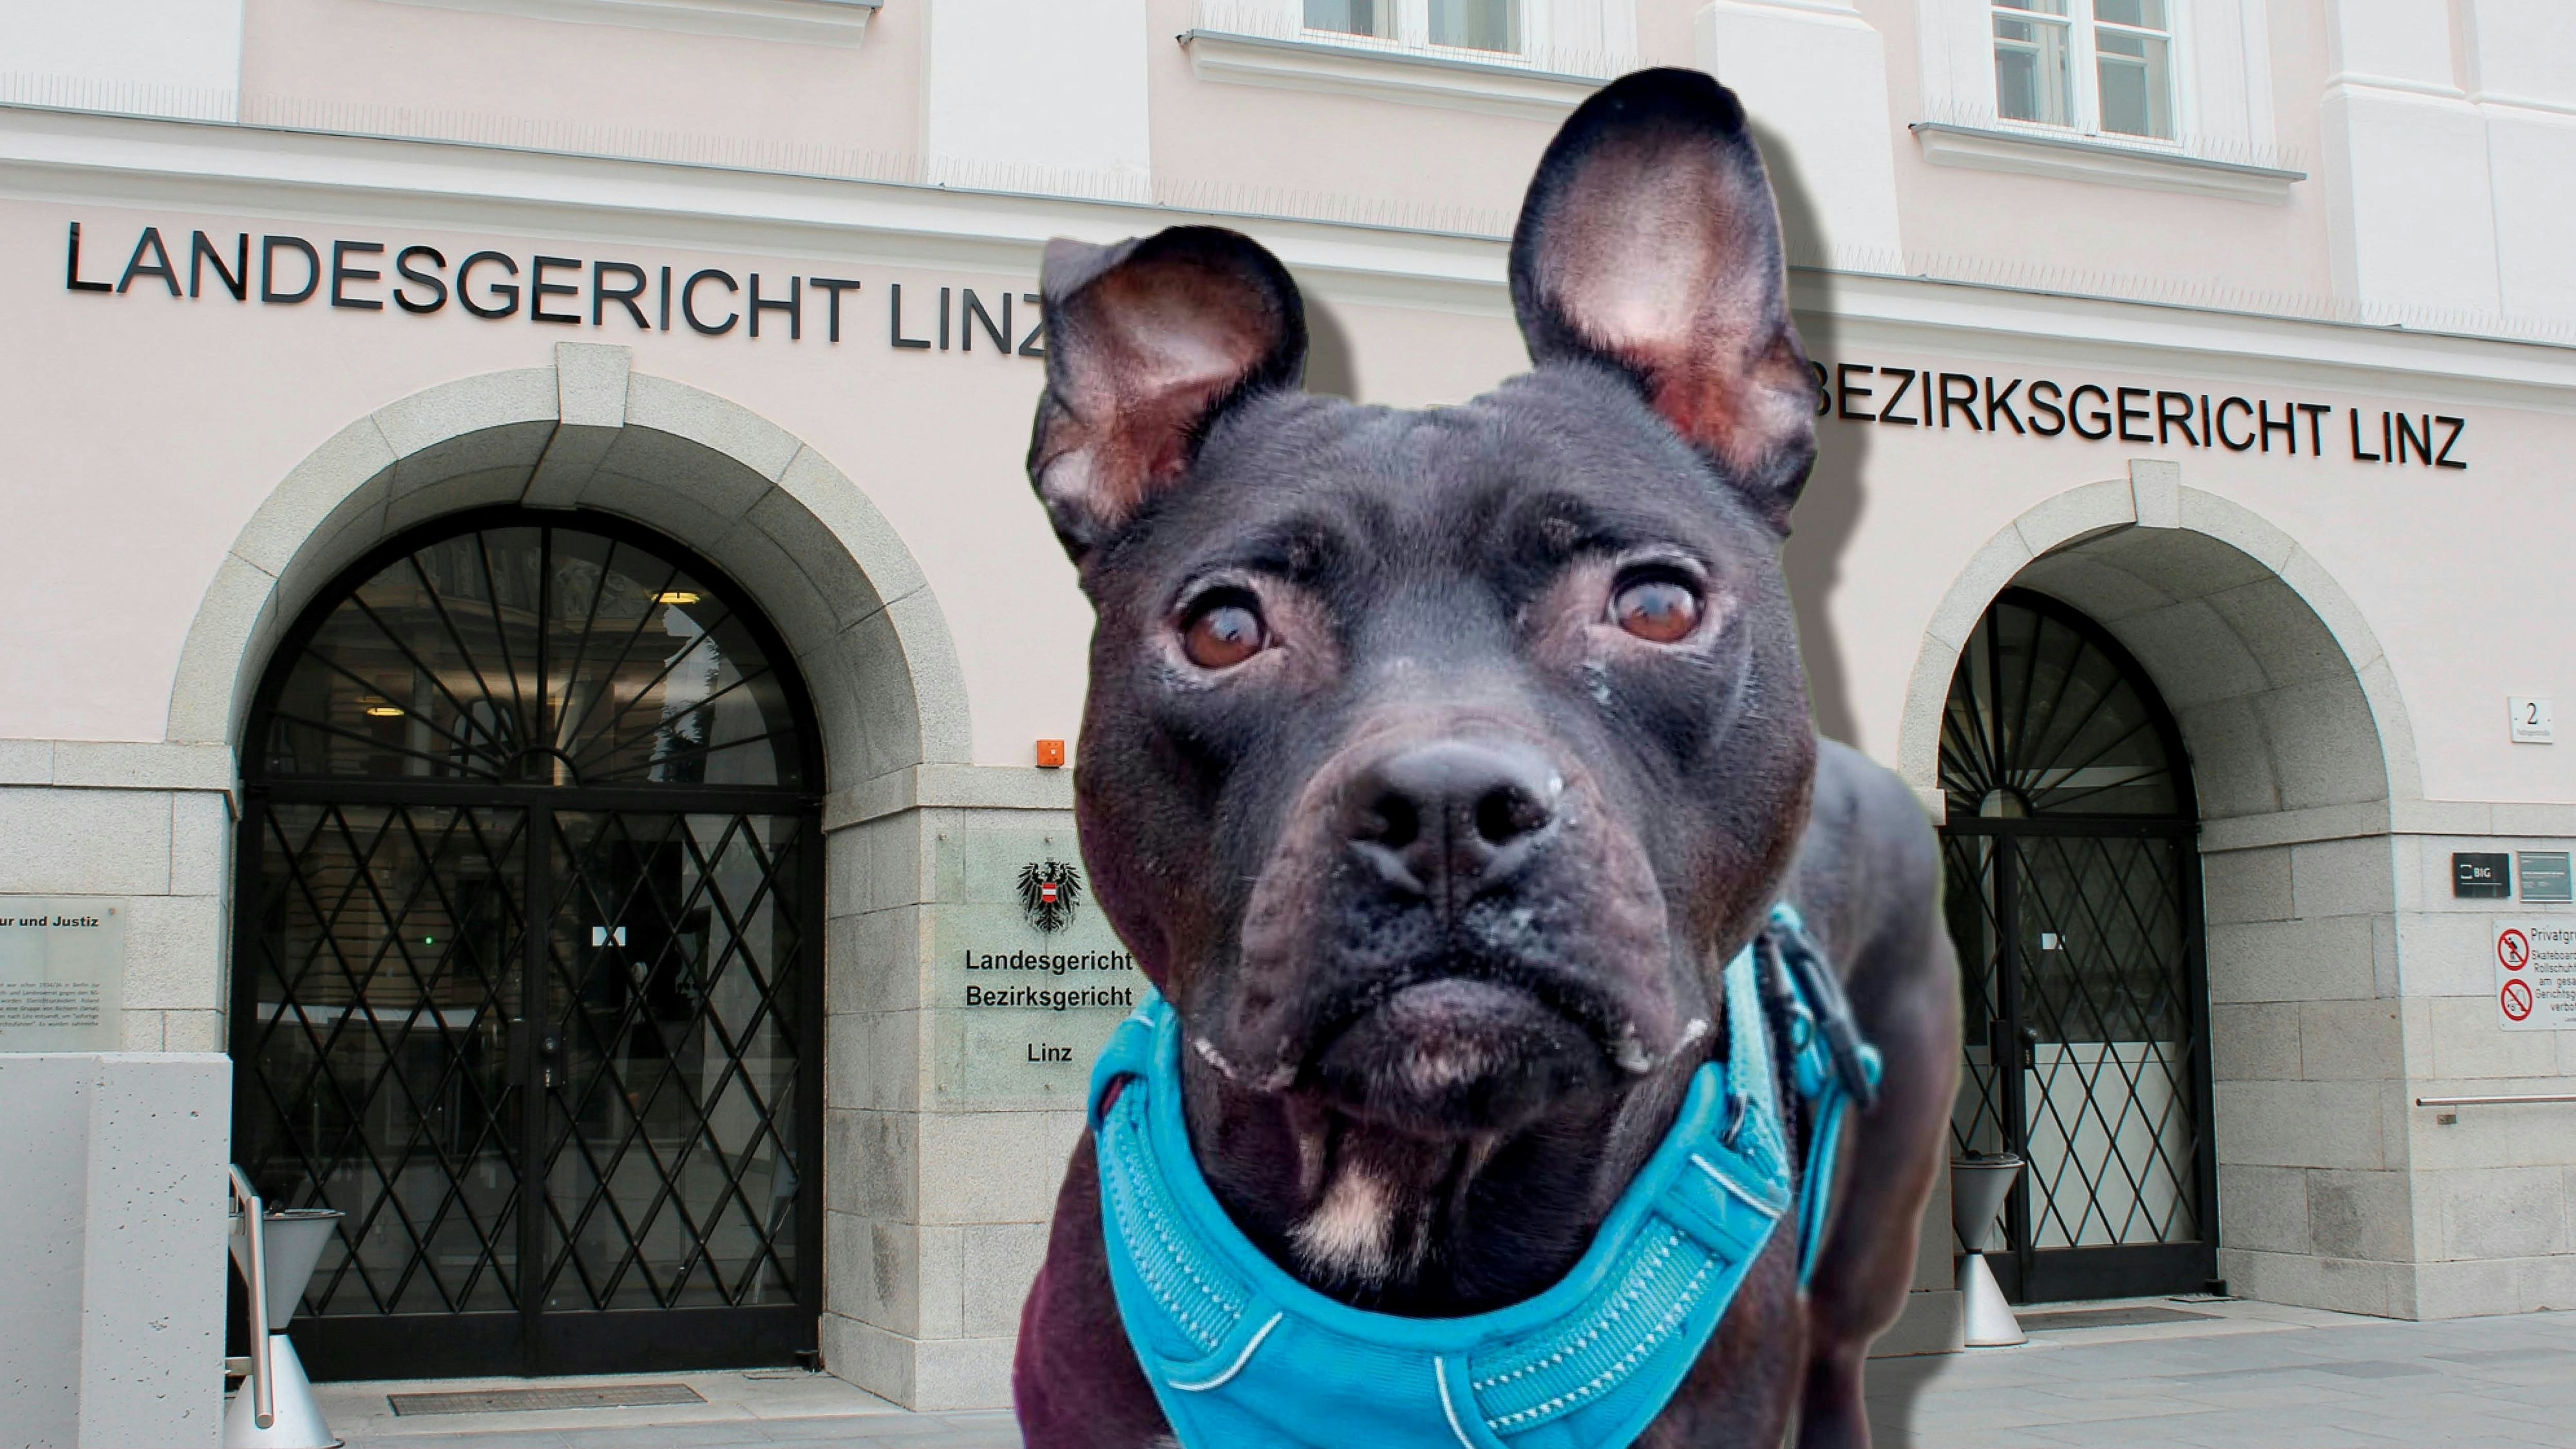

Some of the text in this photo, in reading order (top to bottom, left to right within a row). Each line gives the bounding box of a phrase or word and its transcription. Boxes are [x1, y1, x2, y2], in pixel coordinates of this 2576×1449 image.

[66, 221, 860, 343] LANDESGERICHT
[2349, 408, 2467, 469] LINZ
[2526, 702, 2538, 724] 2
[2474, 867, 2491, 878] BIG
[19, 916, 47, 927] und
[52, 916, 99, 927] Justiz
[966, 950, 1132, 974] Landesgericht
[966, 986, 1132, 1010] Bezirksgericht
[1028, 1043, 1072, 1062] Linz
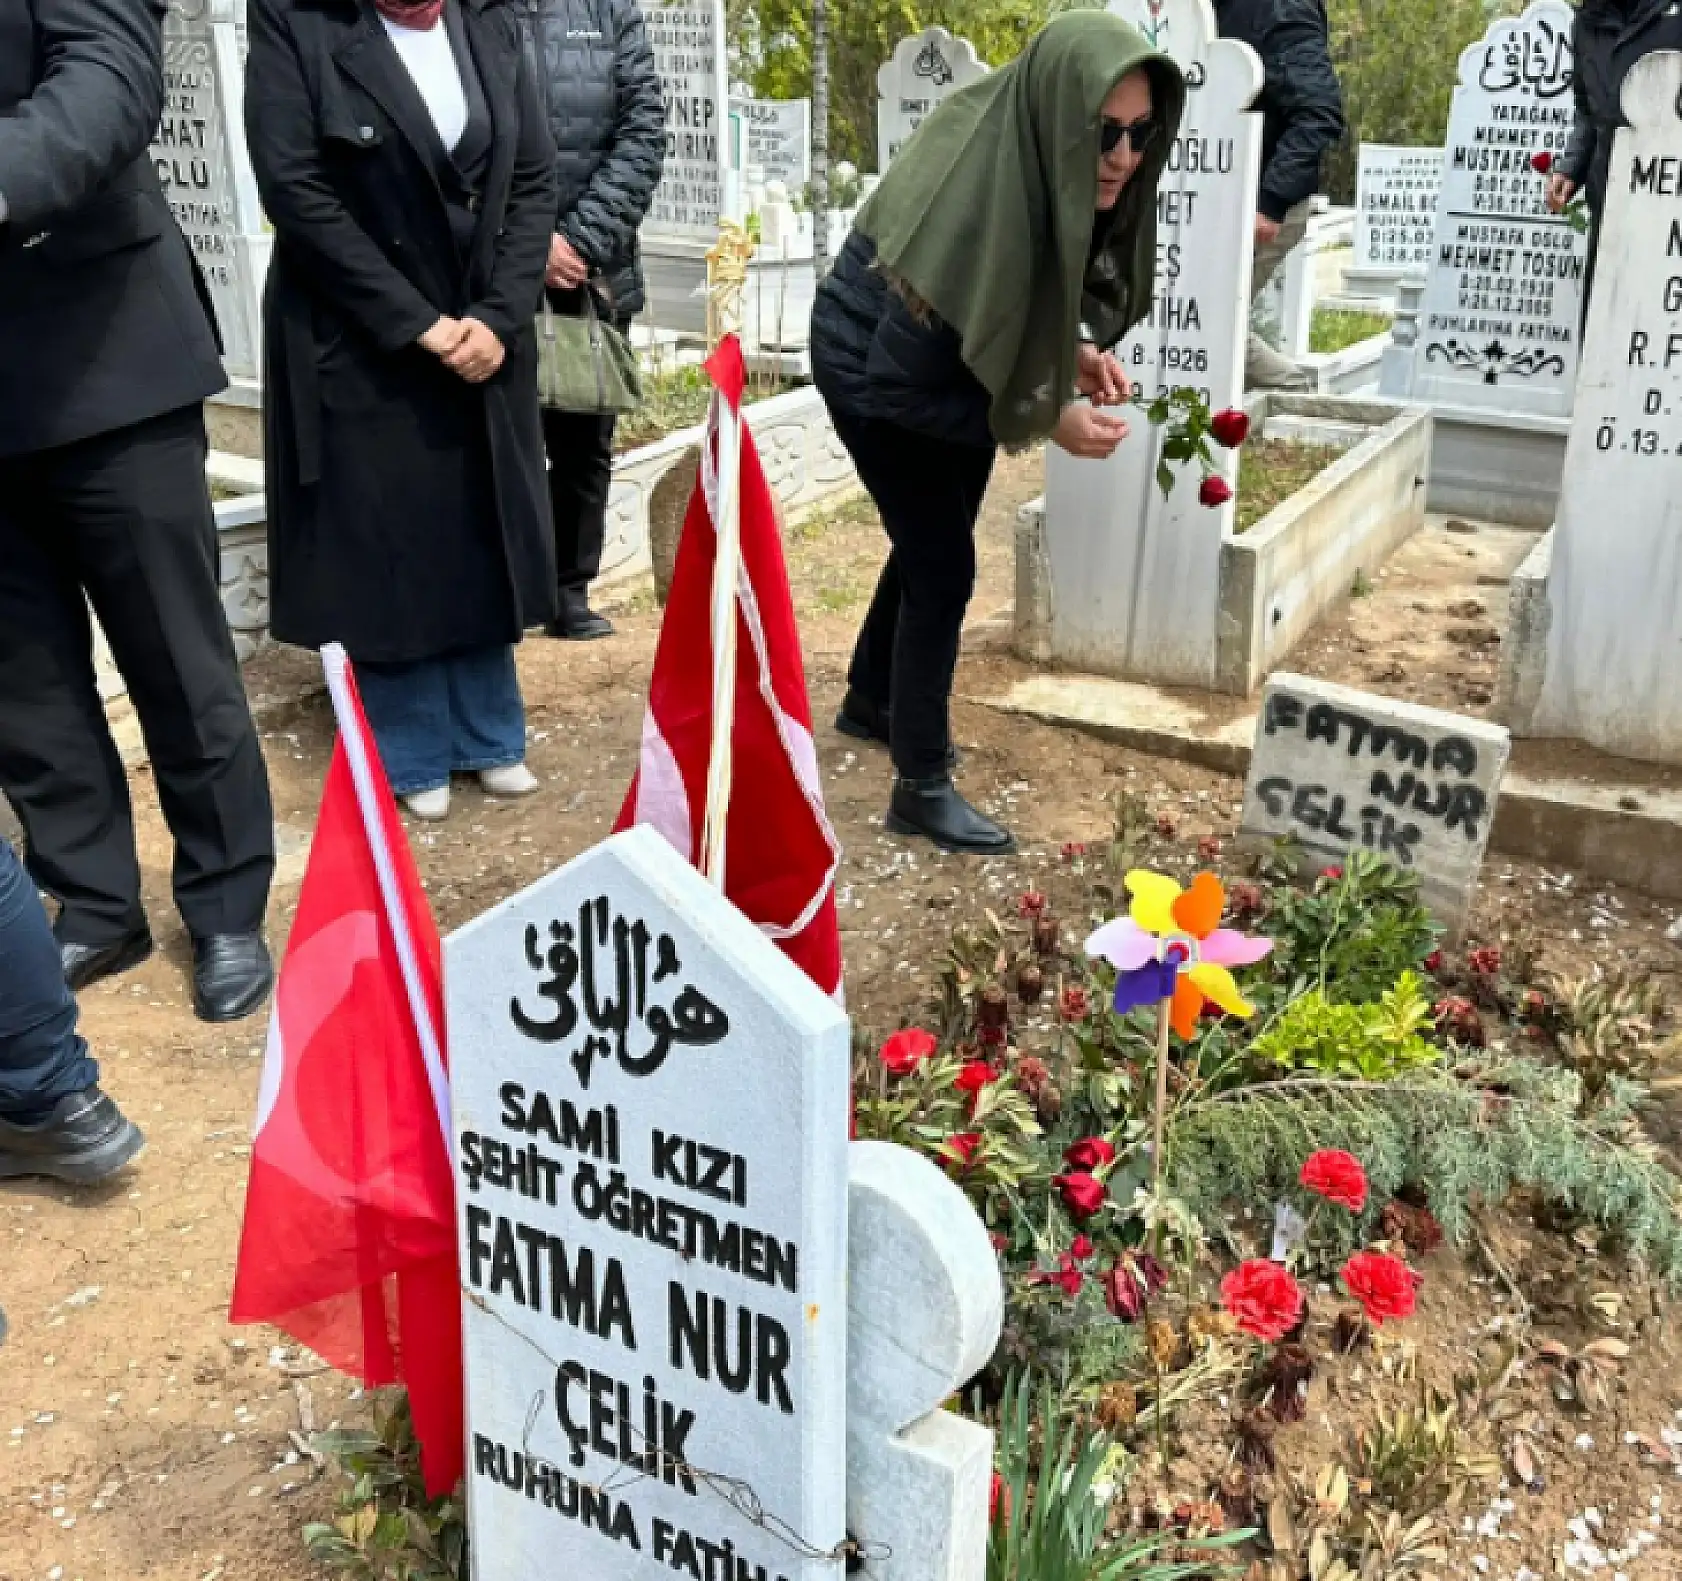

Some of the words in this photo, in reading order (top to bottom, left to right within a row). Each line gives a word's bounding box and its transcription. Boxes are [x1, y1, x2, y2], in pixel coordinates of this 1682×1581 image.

[151, 119, 206, 149] HAT
[1630, 156, 1682, 196] ME
[1438, 243, 1515, 272] MEHMET
[1521, 249, 1585, 280] TOSUN
[1457, 225, 1523, 245] MUSTAFA
[1137, 288, 1201, 332] TİHA
[1265, 693, 1478, 777] FATMA
[1370, 769, 1488, 841] NUR
[651, 1129, 748, 1208] KIZI
[460, 1131, 563, 1206] ŞEHİT
[571, 1160, 797, 1294] ÖĞRETMEN
[466, 1203, 638, 1352] FATMA
[667, 1280, 795, 1415] NUR
[554, 1359, 697, 1497] ÇELİK
[474, 1432, 642, 1552] RUHUNA
[651, 1515, 790, 1581] FATİH

** Task goal **
Set each line down exactly, starting with the one that contains "Some of the words" and ending with the last line of the listing; add nothing else.

** Problem solution **
Some of the words in this photo, in reading order (top to bottom, left to right within a row). Each line gives a word's bounding box and its transcription. Boxes are [x1, y1, x2, y2], in pixel coordinates of this 1682×1581 image.

[151, 119, 206, 149] HAT
[1630, 156, 1682, 196] ME
[1438, 243, 1515, 272] MEHMET
[1521, 249, 1585, 280] TOSUN
[1457, 225, 1523, 245] MUSTAFA
[1137, 288, 1201, 332] TİHA
[1265, 693, 1478, 777] FATMA
[1370, 769, 1488, 841] NUR
[651, 1129, 748, 1208] KIZI
[460, 1131, 563, 1206] ŞEHİT
[571, 1160, 797, 1294] ÖĞRETMEN
[466, 1203, 638, 1352] FATMA
[667, 1280, 795, 1415] NUR
[554, 1359, 697, 1497] ÇELİK
[474, 1432, 642, 1552] RUHUNA
[651, 1515, 790, 1581] FATİH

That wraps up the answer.